Proactive Acquisition Dialogues Jihie Kim Yolanda Gil

Second Language Transfer During Third Language Acquisition · PDF fileSecond language transfer during third language acquisition 1 Second Language Transfer During Third Language Acquisition

Language acquisition &language processing

Language Acquisition

Studies in Self -Access Learning Journal Self-Regulation ... · Self-Regulation within Language Learners’ Dialogues ... Self-regulation within language learners’ dialogues. ...

Language Generation and Speech Synthesis in Dialogues for ...

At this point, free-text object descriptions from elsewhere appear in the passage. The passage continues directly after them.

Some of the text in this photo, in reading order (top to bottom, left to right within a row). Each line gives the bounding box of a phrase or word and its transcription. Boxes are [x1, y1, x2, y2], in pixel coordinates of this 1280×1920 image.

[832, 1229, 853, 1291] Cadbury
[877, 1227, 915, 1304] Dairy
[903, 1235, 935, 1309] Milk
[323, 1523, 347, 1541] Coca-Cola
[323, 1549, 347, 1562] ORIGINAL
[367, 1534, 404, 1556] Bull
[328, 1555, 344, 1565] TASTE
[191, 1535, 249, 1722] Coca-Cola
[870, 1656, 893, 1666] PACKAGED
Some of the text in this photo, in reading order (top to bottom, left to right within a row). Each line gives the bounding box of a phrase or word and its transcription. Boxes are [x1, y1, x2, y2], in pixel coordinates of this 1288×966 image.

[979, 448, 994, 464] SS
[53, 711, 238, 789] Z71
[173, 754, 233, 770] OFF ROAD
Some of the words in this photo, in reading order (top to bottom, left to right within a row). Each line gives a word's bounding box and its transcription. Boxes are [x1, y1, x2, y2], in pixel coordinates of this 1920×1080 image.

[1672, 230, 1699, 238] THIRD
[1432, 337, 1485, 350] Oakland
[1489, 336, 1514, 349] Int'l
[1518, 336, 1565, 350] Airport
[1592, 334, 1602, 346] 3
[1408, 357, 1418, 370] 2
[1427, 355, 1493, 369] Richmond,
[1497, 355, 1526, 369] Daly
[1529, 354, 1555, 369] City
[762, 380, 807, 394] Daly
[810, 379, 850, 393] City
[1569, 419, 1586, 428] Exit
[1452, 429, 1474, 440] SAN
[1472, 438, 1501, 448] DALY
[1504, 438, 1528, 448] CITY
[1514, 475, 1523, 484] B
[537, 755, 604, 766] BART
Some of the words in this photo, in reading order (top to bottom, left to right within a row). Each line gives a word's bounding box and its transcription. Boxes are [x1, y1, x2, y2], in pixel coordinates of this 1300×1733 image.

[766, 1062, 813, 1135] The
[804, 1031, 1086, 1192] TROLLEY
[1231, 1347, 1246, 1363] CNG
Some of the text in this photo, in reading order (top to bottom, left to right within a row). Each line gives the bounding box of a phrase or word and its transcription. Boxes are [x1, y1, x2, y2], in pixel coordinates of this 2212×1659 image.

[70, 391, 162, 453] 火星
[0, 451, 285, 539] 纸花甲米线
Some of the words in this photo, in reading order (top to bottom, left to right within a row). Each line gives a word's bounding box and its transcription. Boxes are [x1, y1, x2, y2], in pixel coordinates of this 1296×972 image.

Language acquisition guide - Pittsburgh Public Schools€¦ · Language acquisition guide 5 Language acquisition across the IB continuum Language acquisition in the MYP The IB continuum

Module 1: First language acquisition, second language ... › 2014 › 10 › ling-307 … · Language Acquisition Module 1: First language acquisition, second language acquisition,

Natural Language Dialogues with Seq2Seq · Natural Language Dialogues with Sequence-To-Sequence Learning Dirk von Grünigen Deep Learning Day 2017, 22nd September 2017

First language acquisition, Second language acquisition ... · PDF fileLinguistics First language acquisition, Second language acquisition/learning, Language and social variation Chapters

Proactive Acquisition Dialogues

FIRST LANGUAGE ACQUISITION AND SECOND LANGUAGE ACQUISITION

Language acquisition - LING 200: Introduction to the Study ... · The study of language acquisition Acquisition of syntax Over-regularization Stages of language acquisition Stages

Second Language Acquisition Approaches - Wikispacesweareallalike.wikispaces.com/file/view/Second+Language+Acquisition... · Second Language Acquisition Approaches & Contextual Factors

Language acquisition .

Lexicon Syntax Interface in Second Language Acquisition (Language Acquisition and Language Disorders)

First Language Acquisition Ling400. First language (L1) acquisition Crucial questions regarding language acquisitionCrucial questions regarding language.

Language learning and social media: 6 key dialogues

Second Language Acquisition. Language Learning vs. Language Acquisition Language acquisition is a subconscious process. Language learning requires a formal.